---------- Information shown

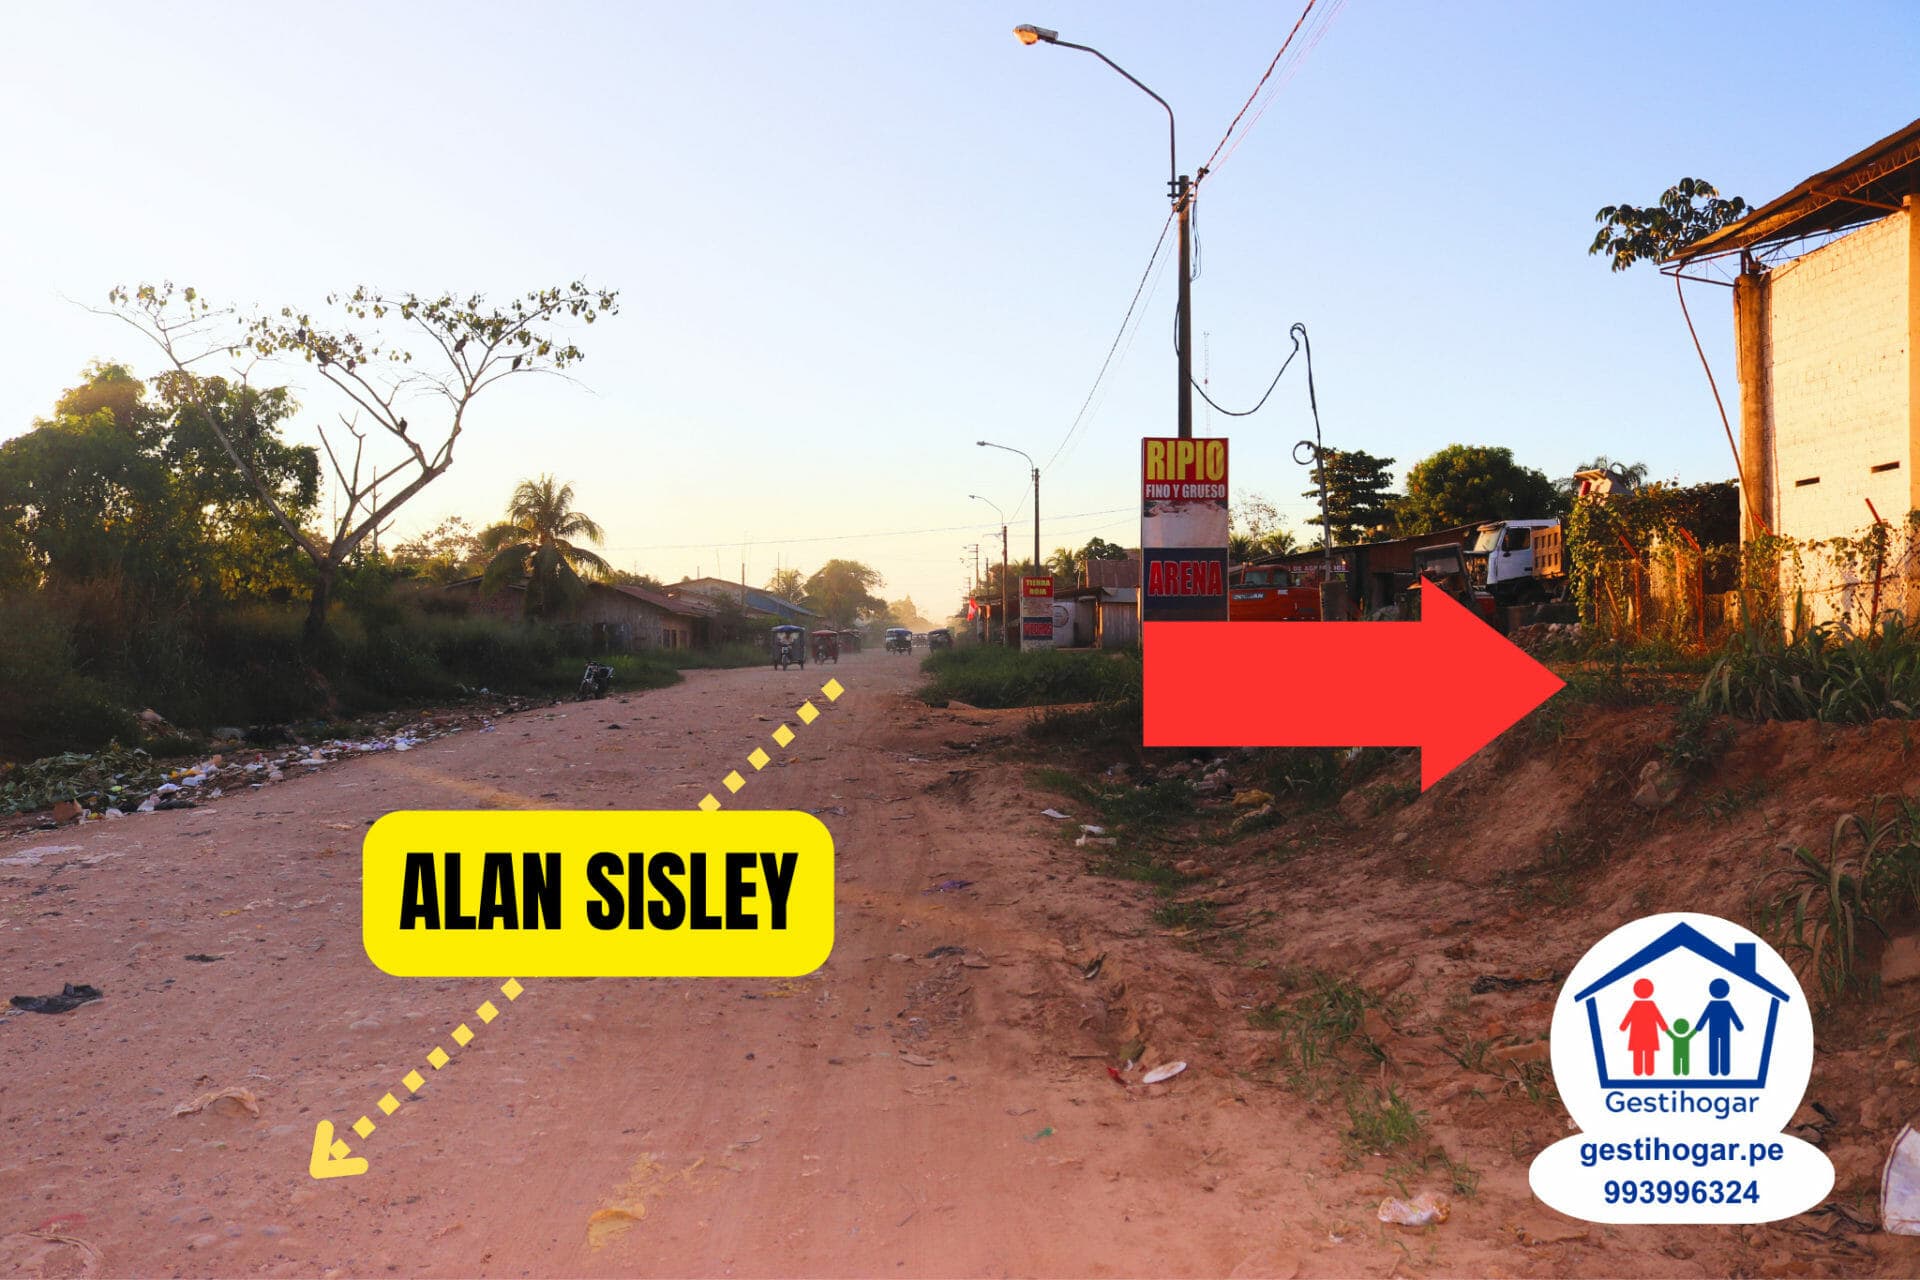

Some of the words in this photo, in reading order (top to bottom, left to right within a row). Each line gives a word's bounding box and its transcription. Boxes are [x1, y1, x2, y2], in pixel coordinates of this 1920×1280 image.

[1147, 440, 1225, 481] RIPIO
[1146, 484, 1171, 498] FINO
[1172, 484, 1180, 498] Y
[1182, 483, 1225, 498] GRUESO
[1148, 560, 1223, 597] ARENA

--------------------

* _Activity_
Could you please write out the entries exactly as they are, with every picture left out?

* _Task result_
Some of the words in this photo, in reading order (top to bottom, left to right within a row). Each line gives a word's bounding box and its transcription. Boxes are [x1, y1, x2, y2], in pixel coordinates of this 1920×1280 image.

[1147, 440, 1225, 481] RIPIO
[1146, 484, 1171, 498] FINO
[1172, 484, 1180, 498] Y
[1182, 483, 1225, 498] GRUESO
[1148, 560, 1223, 597] ARENA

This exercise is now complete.